Colonic tissue lysates from Gbp5–/– mice were confirmed to lack GBP5 (Fig. 5A). Given that GBP5 and IRF4 were both markers of response in humans, had correlated expression profiles in the patients (Pearson r = 0.84, p < 0.0001), the levels of phosphorylated and total IRF4 were assessed in the colonic tissue of WT and Gbp5–/– mice at day 10. A significantly higher ratio of phospho-IRF4 to total IRF4 was identified in Gbp5–/– mice when compared to WT mice (Fig. 5A, Supplementary Fig. 7). No differences between Gbp5–/– and WT mice were observed for other related kinases and signaling molecules (Fig. 5A, Supplementary Fig. 7). The results identify a role for GBP5, and potentially IRF4, in the establishment of colitis in mice. This is in line with our findings that downregulation of GBP5 and IRF4 was associated with remission of UC following FMT in humans.

Fig. 5: Differential protein regulation between Gbp5–/– and WT littermates.
figure 5

A Expression and phosphorylation of proteins of interest in littermate WT (n = 5) and Gbp5–/– (n = 5) mice at day 10. Band volume was employed for densitometry and differences were tested using two-tailed unpaired t-tests following assessment of data distribution by the Shapiro-Wilk test. All p > 0.22 except P-IRF4/T-IRF4 p = 0.0004. Data are presented as mean ± SEM. NS, not significant; ***p < 0.001. B Quantification of claudin 2-positive area over total colon tissue area in littermate WT (n = 6) and Gbp5–/– (n = 6) mice at day 10. Each symbol represents an individual mouse. NS, not statistically significant; **p < 0.01 (p = 0.0018) by two-way ANOVA with Šídák’s multiple comparisons test following confirmation of data distribution by the Shapiro-Wilk test. Data are presented as mean ± SEM. C Immunohistochemical staining of claudin 2, β-Actin and 4′,6-diamidino-2-phenylindole (DAPI) in the colon tissue of littermate WT and Gbp5–/– mice on day 10. Scale bar, 50 μm. Source data are provided as a Source Data file.

Resistance to colitis in Gbp5 –/– mice is associated with tight junction regulation

Next, differences in Gbp5–/– mice that may be mechanistically associated with increased resistance to colitis were explored. The tight junction marker claudin 2 was examined in areas where inflammation, hyperplasia and ulceration were detected on histological assessment (i.e., middle and distal colon). Tight junctions were a key pathway identified to be regulated in disease remission (Fig. 2C), with a number of claudins observed to be upregulated (Fig. 2E), and claudin 2 has established mechanistic links to colitis progression. No difference in claudin 2 expression was found in either area (Fig. 5B). We speculated that any molecular variations may precede disease onset and tissue damage may obscure detectable differences. Thus, differences in claudin 2 were assessed in the proximal colon where no tissue damage was detected in either group, and a significant difference between Gbp5–/– and WT mice was observed (Fig. 5B,C).

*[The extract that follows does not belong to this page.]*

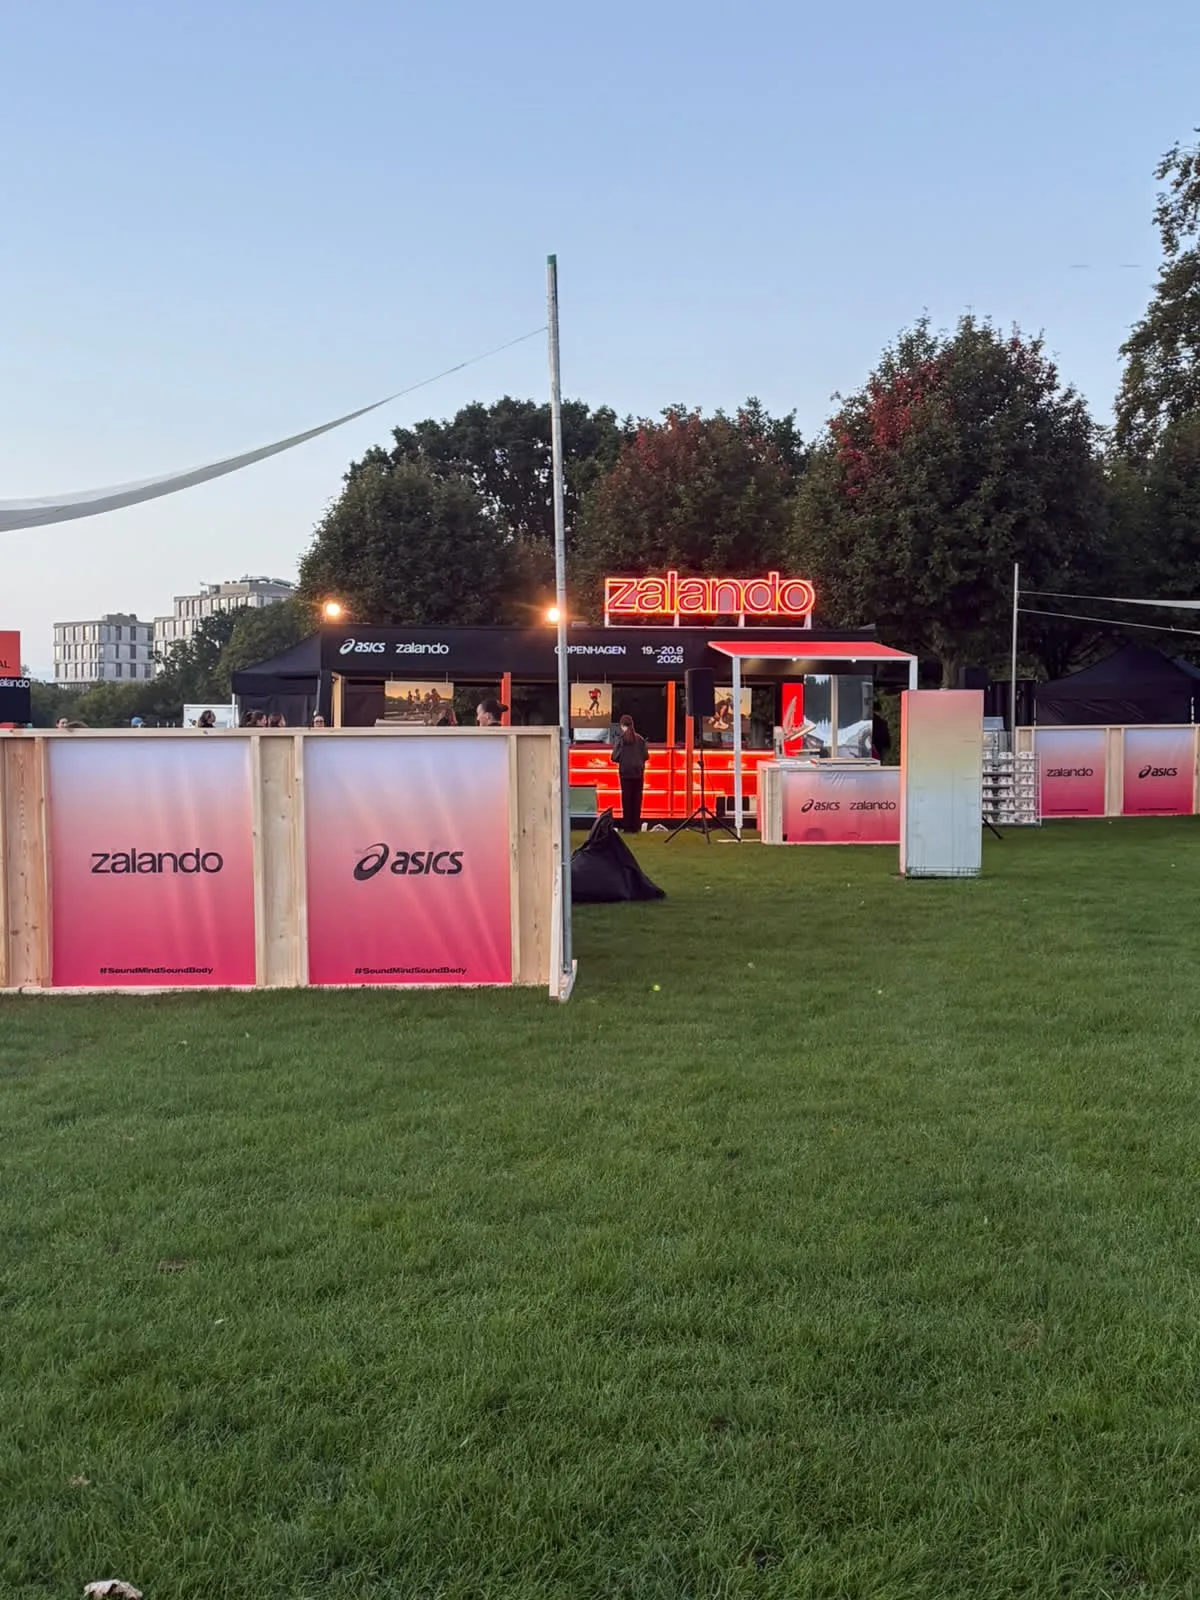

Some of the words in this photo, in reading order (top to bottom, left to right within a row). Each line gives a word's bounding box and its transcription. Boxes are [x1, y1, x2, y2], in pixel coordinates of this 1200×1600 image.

To further assess this relationship, we measured levels of claudin 2 expression in WT mice prior to (day 0) and following exposure to DSS (day 10). We identified significant decreases in claudin 2 levels in the distal and middle colon of mice following development of colitis (Supplementary Fig. 7B). This decrease was not significant (p = 0.065) in the proximal colon where no signs of colitis were detected (Supplementary Fig. 7B), indicating that claudin 2 levels were associated with histological detection of colitis, and that they may be key to colitis resistance in Gbp5–/– mice.

Discussion

The host colonic mucosal transcriptome of patients with UC prior to and following FMT was examined to identify molecules that are impacted by FMT and those associated with disease remission. FMT had a robust effect on the mucosal transcriptome of patients with UC, and this was not observed in patients receiving placebo. Consistent differential gene expression following FMT was identified in patients who responded to therapy but not in non-responders, with pathways such as tight junctions and calcium signaling found to be regulated. In contrast, alternative splicing events were observed in both responders and non-responders to FMT, albeit some events such as those within SYK were differentially present in these subgroups. Assessment of the capacity for longitudinal changes associated with response to inform on cross-sectional differences between responders and non-responders revealed that the expression of GBP5 and IRF4 to be strongly associated with remission. Genetic deletion of GBP5 in mice showed that mice without GBP5 were more resistant to developing colitis than wild-type littermates, with concomitant regulation of IRF4 phosphorylation and the tight junction marker claudin 2 in their colonic tissue.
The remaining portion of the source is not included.